- The French Revolution was not enough. Mary Wollstonecraft wanted something more. She declared war against the patriarchy. She called for nothing less than ‘a revolution in female manners’. This revolution was not about how to set up or sit at the dinner table. It rather sought to overthrow the system of socialisation that made men and women prisoners of each other’s tyranny, rather than the virtuous companions whom they were meant to be.
- Wollstonecraft waged her war in print. She targeted literary and intellectual giants – John Milton, Jean-Jacques Rousseau, Edmund Burke – for propagating absurd and pernicious ideas about the innate inferiority and natural subordination of women to men. With her pointed wit, she eviscerated a host of second-rate writers whose views on female education derived from this triumvirate. She chortled: ‘Indeed the word masculine is only a bugbear.’ Then she gladly granted them their premise. Men and women obviously diﬀered in their bodies. On the whole, women appeared to be physically weaker, but it did not follow that deeper diﬀerences of intellect or virtue prevailed between the sexes. With strikingly gender-neutral language, she contended: ‘Whatever eﬀect circumstances have on the abilities, every being may become virtuous by the exercise of its own reason.’
- Wollstonecraft identiﬁed education as the culprit behind the inequalities between men and women. Education inﬂuenced every aspect of life, for it began in the crib, long before one learned language or went to school. Parents gave dolls and mirrors to infant girls, while letting baby boys toddle freely outside. These gross diﬀerences in the socialisation of young children, Wollstonecraft saw, bore consequences that could hardly be overstated. ‘The grand misfortune is this,’ she soberly noted, ‘that they both acquire manners before morals, and a knowledge of life, before they have, from reﬂection, any acquaintance with the grand ideal outline of human nature.’ Yet people applauded the diﬀerence in manners that education produced between the sexes. Women came to see and present themselves as weak and meek, and all the more attractive to men for it.
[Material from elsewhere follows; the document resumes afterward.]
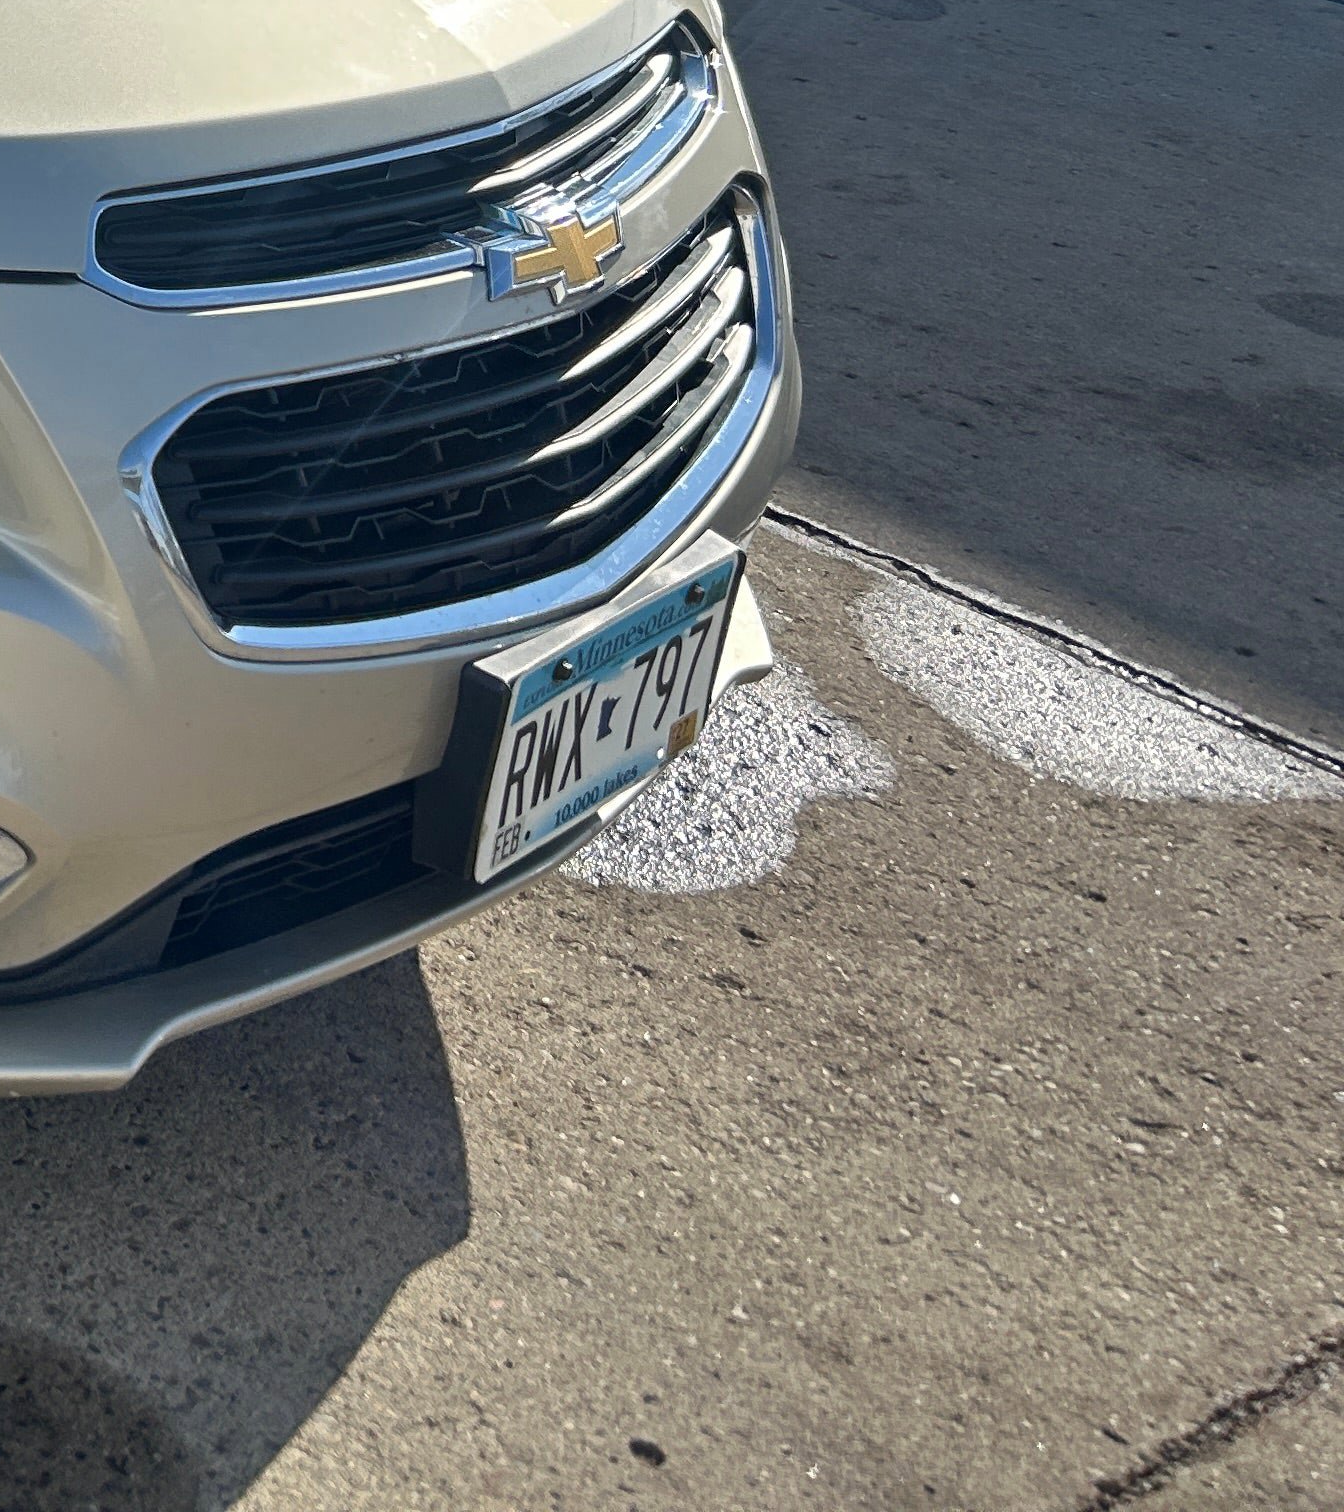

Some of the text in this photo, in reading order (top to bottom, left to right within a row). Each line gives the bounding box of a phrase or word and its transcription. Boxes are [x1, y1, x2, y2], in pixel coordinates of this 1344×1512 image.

[498, 615, 713, 828] RWX 797
[602, 765, 638, 798] lakes
[491, 822, 521, 869] FEB
- Women’s ‘rights and manners’, she insisted, must be considered alongside each other. If women were raised to see and treat themselves as mere toys and playthings of men, then they could not possibly avail themselves of the historic opportunity for civic engagement that the French Revolution had brought to them. To bring women’s ‘rights and manners’ into concert, people had to reconceive ‘rights and duties’ as inseparable. Into the narrow rights talk of the time – the ‘rights of man’, the ‘rights of men’ – Wollstonecraft infused a rich vocabulary of ‘rights and duties’. A Rational Christian Dissenter, she derived all rights from fundamental, God-given duties. Like Immanuel Kant, however, she never claimed that all duties generate a corresponding right. In her system of ethics, duty enjoyed moral primacy.